Sometimes I wonder how people, that I don’t know, stumble across my twitter account and decide to follow me.
I left my account open thinking I’d interact with people who either I met on tumblr, to stay in touch with friends (my first reason for getting twitter was I have friends who answer their tweets before their texts), interacting with youtubers, and interacting with people that find similar things cool.
But somehow my personal shits&giggles twitter account is being followed by people pushing their linkedin profiles, their small businesses, and christian/bible quoting twitter accounts. (Fyi I’m not even christian, not saying christians aren’t welcomed to follow me - but how did the bible quoting ones find me and decide “oh! We’ll follow the chick tweeting about youtube, korean/japanese food and tea”?) I just don’t know what I did to attract the followers that I’ve gotten. I wanted to attract followers. But since I’ve attracted a different group than I was expecting, maybe I’m representing myself on twitter differently than how I thought I was…
Update: I’m now being followed by a chess association.

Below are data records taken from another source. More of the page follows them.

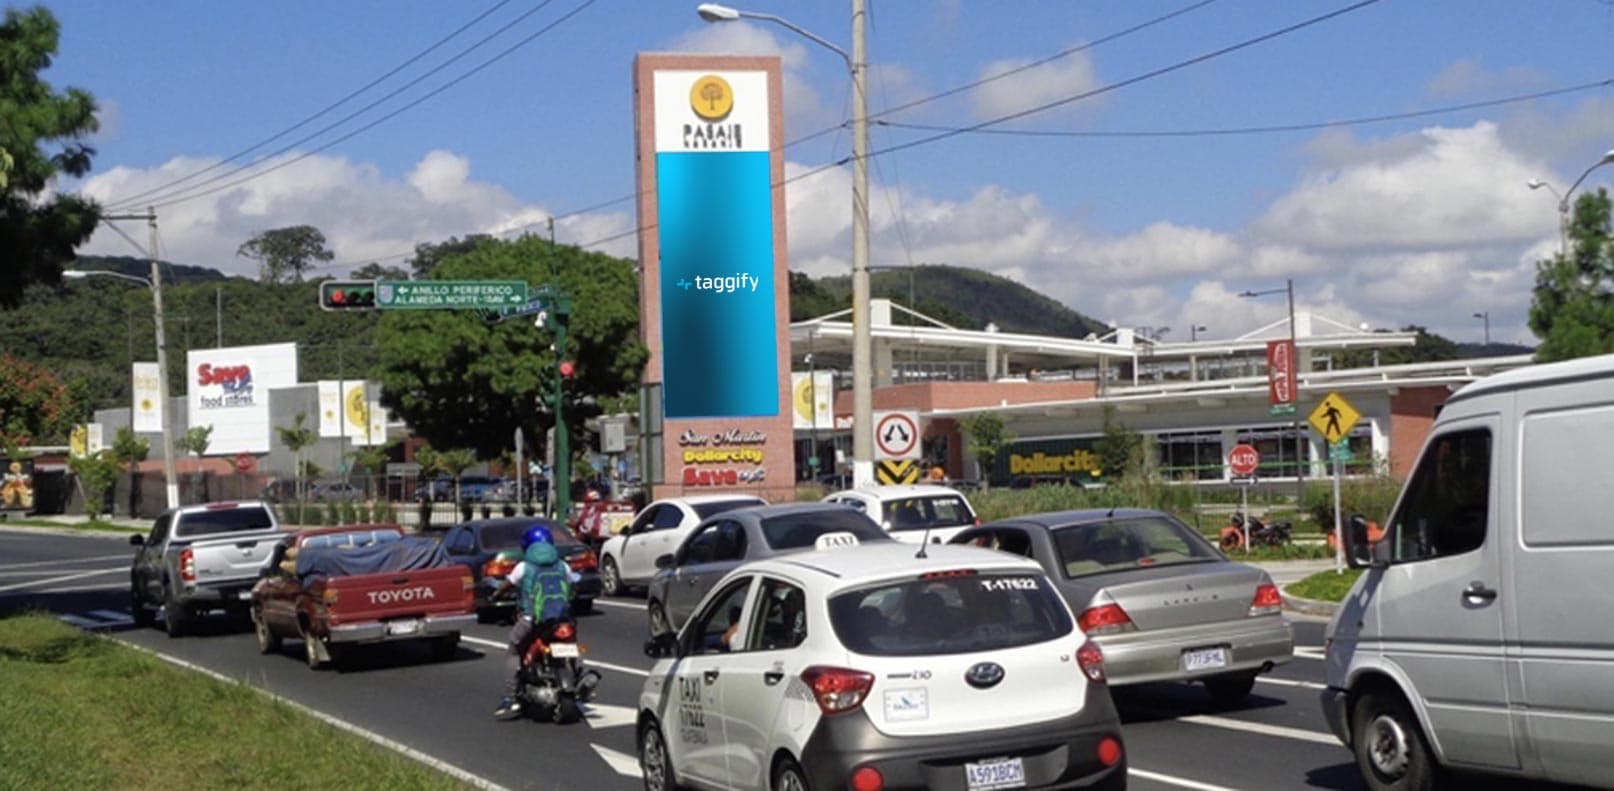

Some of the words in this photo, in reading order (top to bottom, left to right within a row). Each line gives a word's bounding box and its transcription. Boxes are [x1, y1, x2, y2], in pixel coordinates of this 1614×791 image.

[412, 286, 449, 295] ANILLO
[453, 286, 514, 295] PERIFERICO
[695, 272, 759, 293] taggify
[394, 295, 443, 304] ALAMEDA
[683, 448, 763, 465] Dollarcity
[1231, 453, 1257, 466] ALTO
[683, 467, 738, 486] Save
[824, 536, 854, 547] TAXI
[367, 586, 435, 604] TOYOTA
[679, 676, 701, 702] TAXI
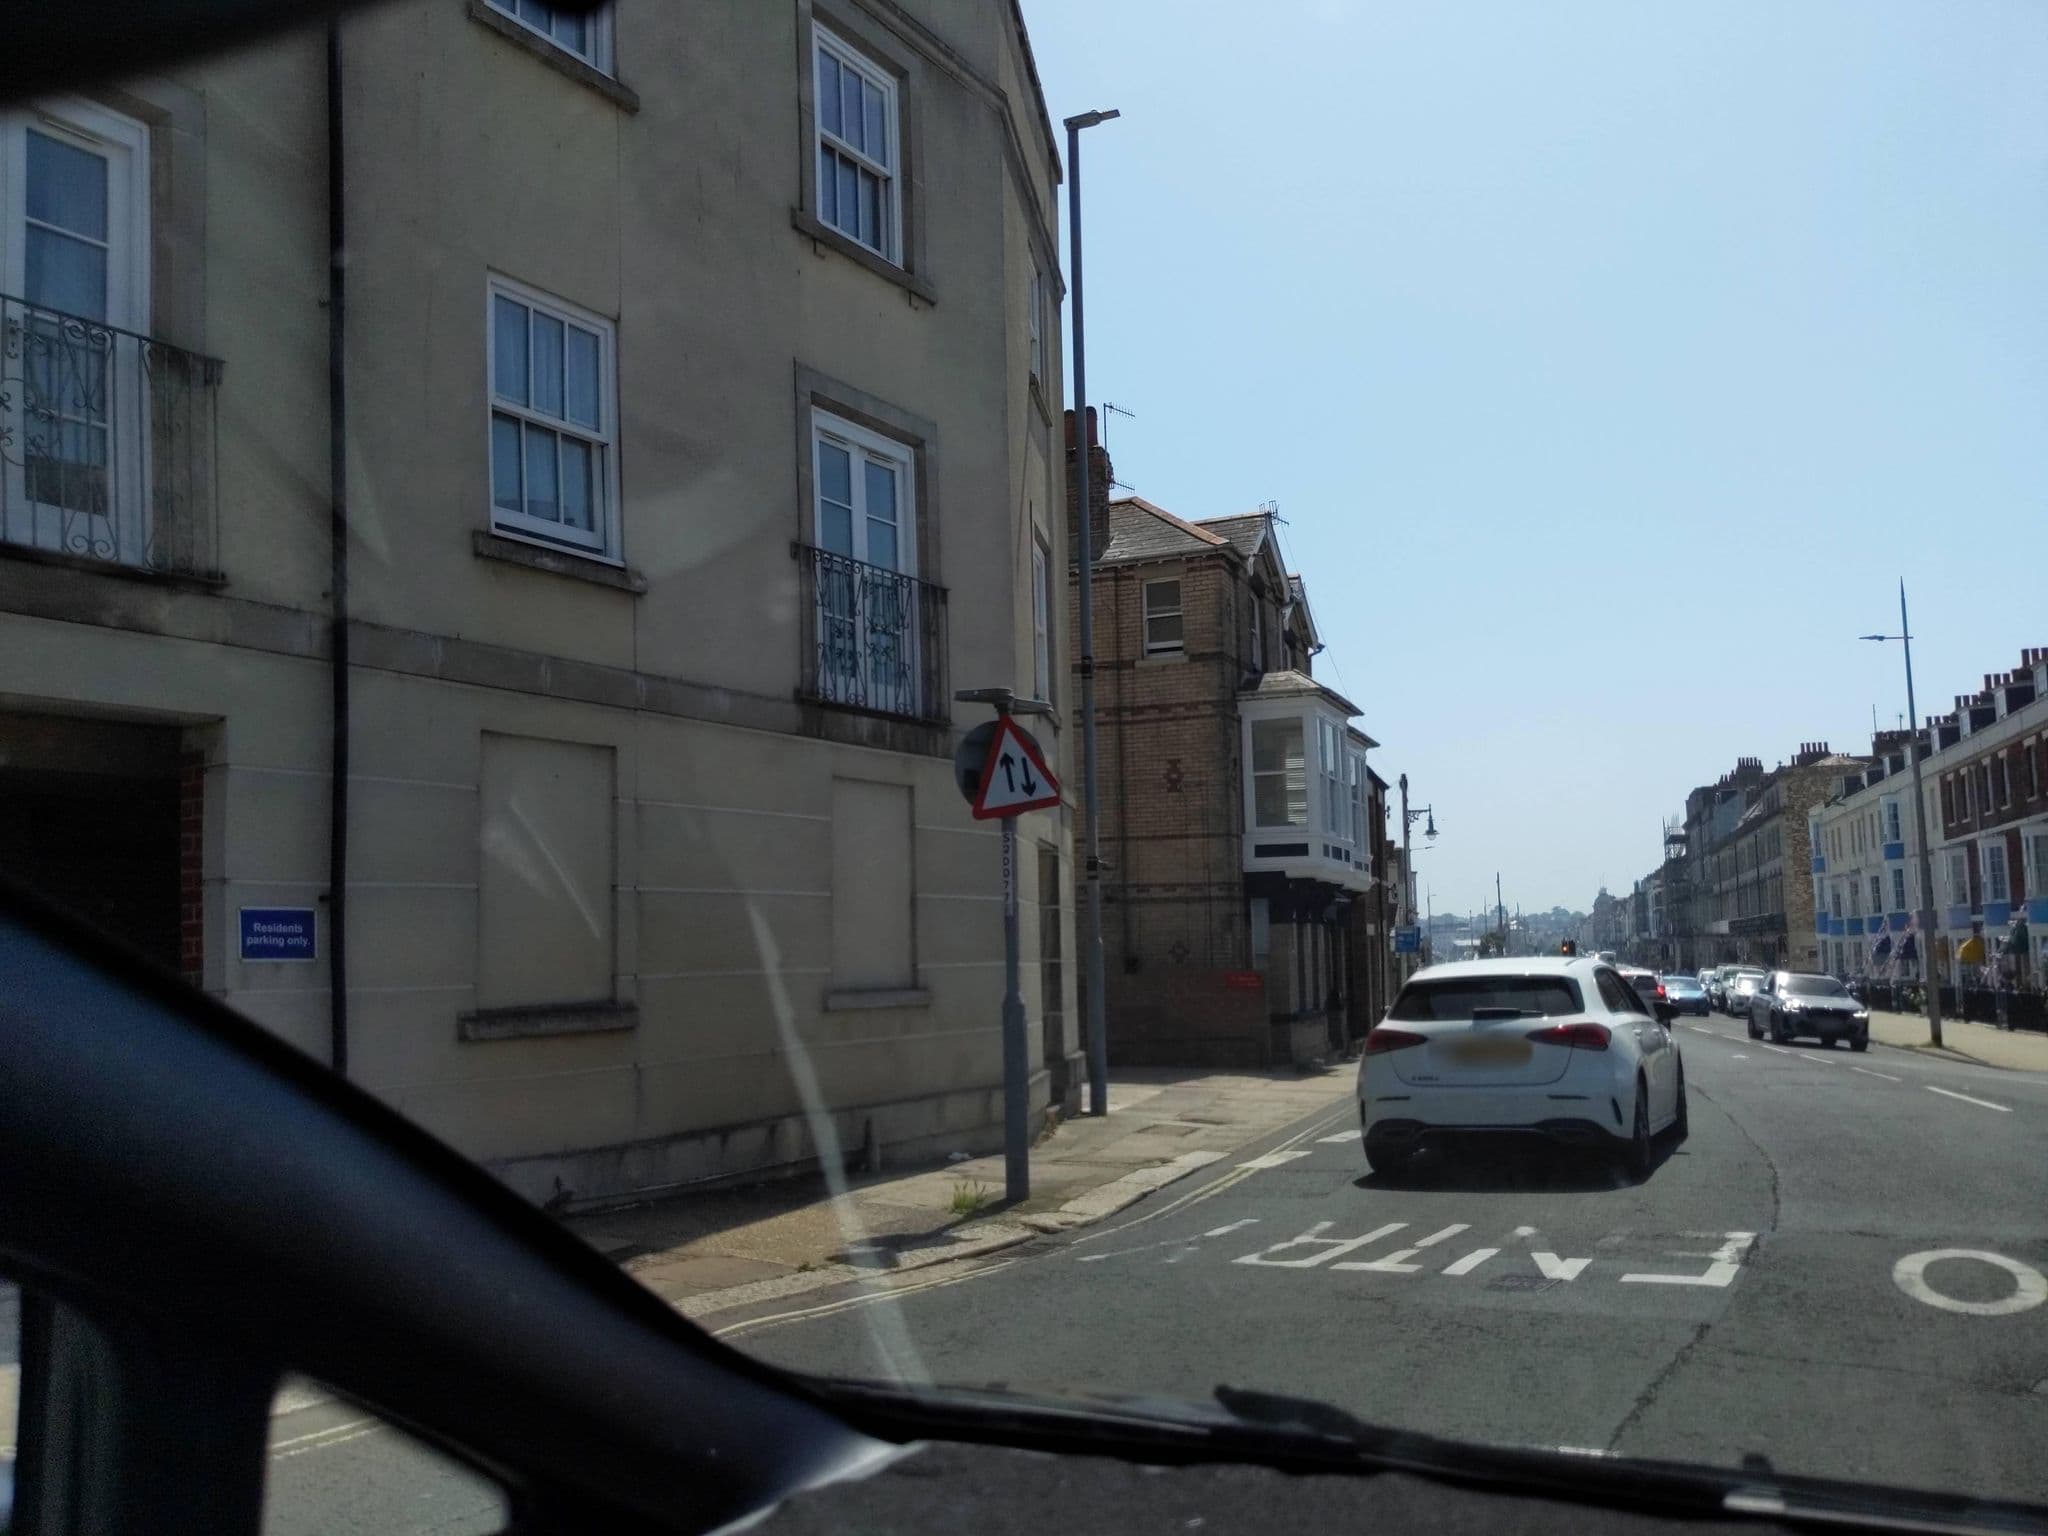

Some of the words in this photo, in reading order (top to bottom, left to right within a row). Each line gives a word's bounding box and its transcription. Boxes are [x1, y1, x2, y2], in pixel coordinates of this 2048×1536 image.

[253, 922, 303, 933] Residents
[246, 935, 285, 947] parking
[1074, 1217, 1757, 1288] ENTRY

I’ve never tweeted about chess.
I sat down all focused to work, and I got a headache. You’ve got to be kidding me brain! If you expect to get sleep tonight you better calm down and help me get my work done or we’re gonna be struggling all night.
So today during my digital systems lab my partner got too close.

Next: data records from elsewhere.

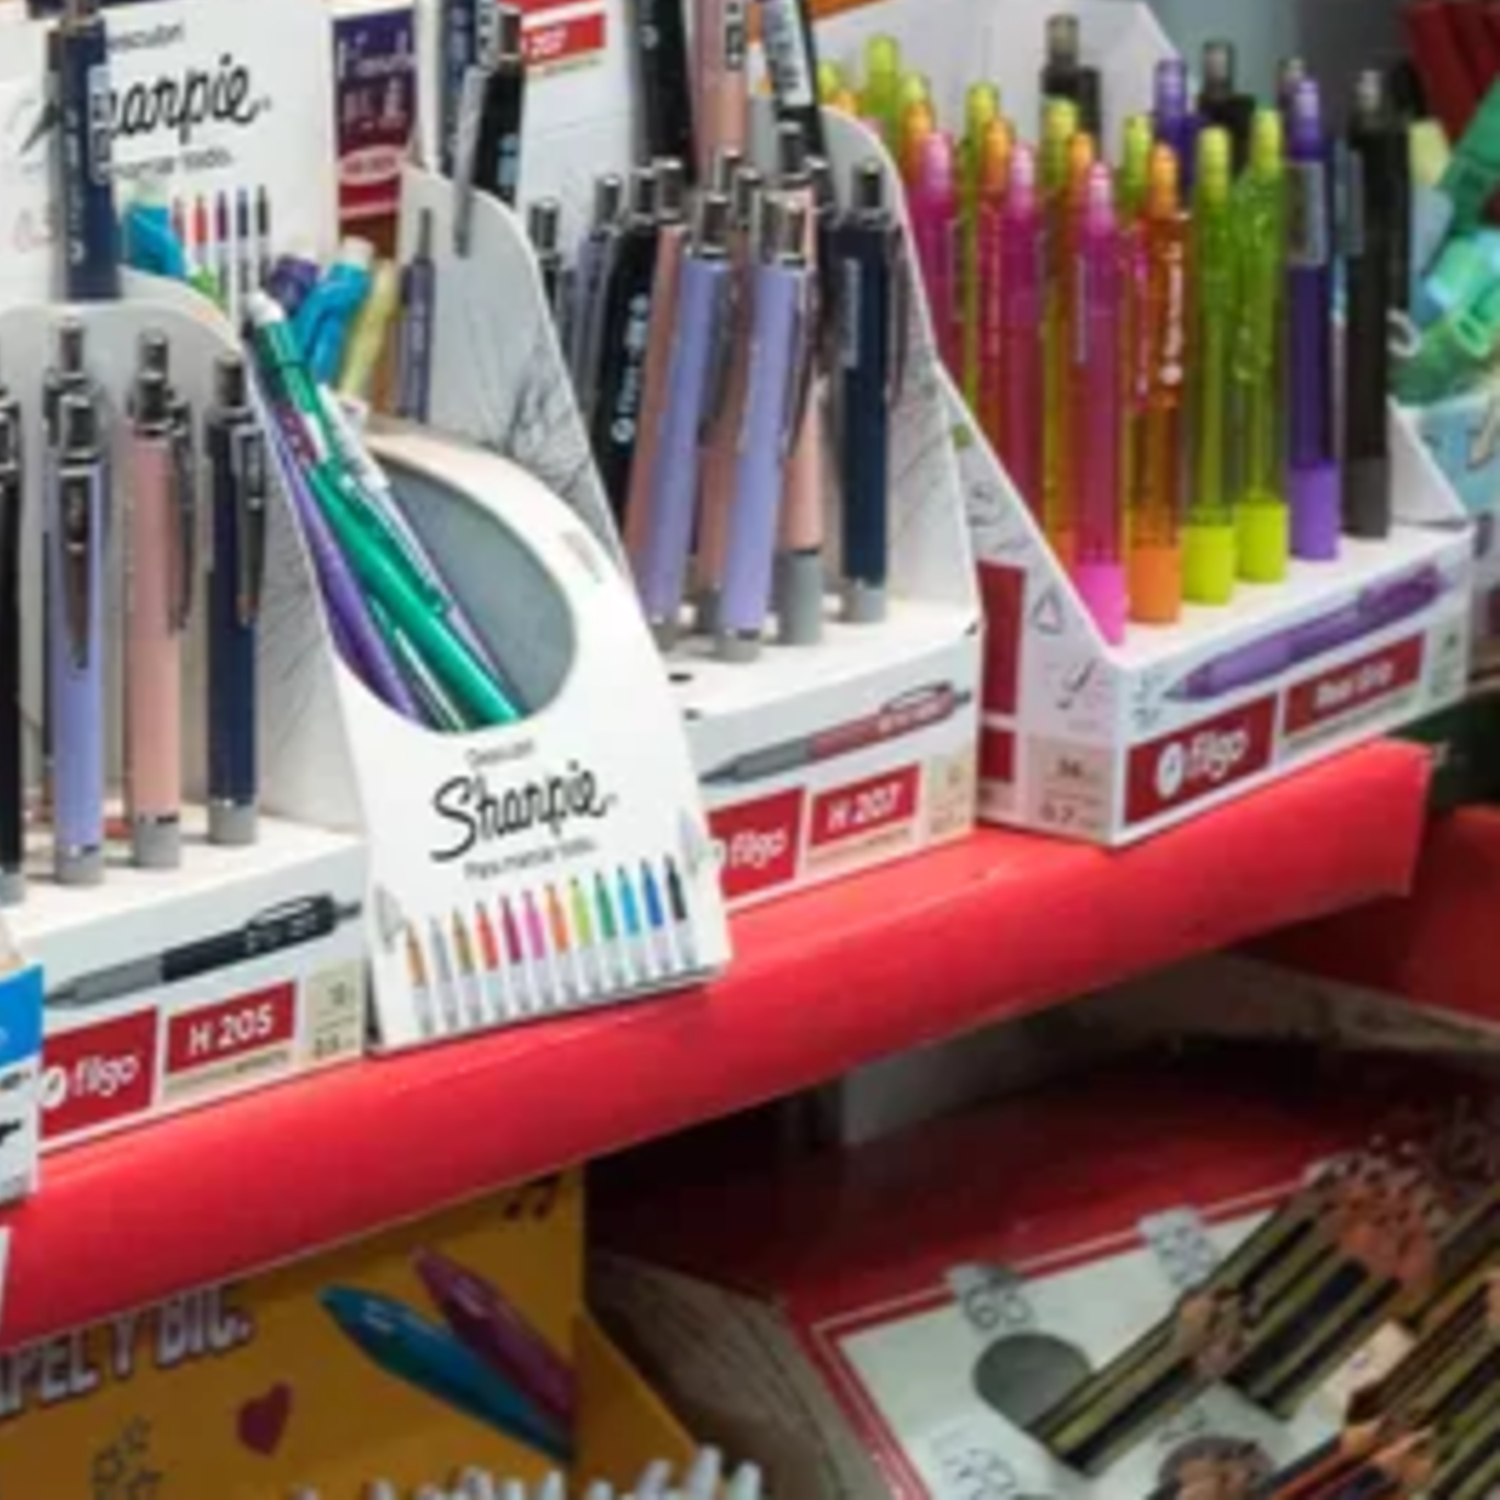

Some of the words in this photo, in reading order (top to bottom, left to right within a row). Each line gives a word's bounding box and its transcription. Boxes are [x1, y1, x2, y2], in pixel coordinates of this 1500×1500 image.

[110, 53, 260, 145] arpie
[1187, 730, 1250, 779] filgo
[430, 758, 608, 864] Sharpie
[729, 828, 789, 870] filgo
[186, 1022, 212, 1058] H
[218, 1001, 274, 1049] 205
[70, 1051, 141, 1098] filgo

Let me explain the layout of our workspace to you. We have a computer and a circuit on the table along with our lab manual, and then there are two chairs for us to use. I try to turn the monitor so that we can both see it easily.
My partner is in two of my classes and we get along fairly well. I know the class material for this class better than him because I’ve learned some of it before and because I’m quick at learning/deciphering code. So I usually explain what’s going on in the lab to him.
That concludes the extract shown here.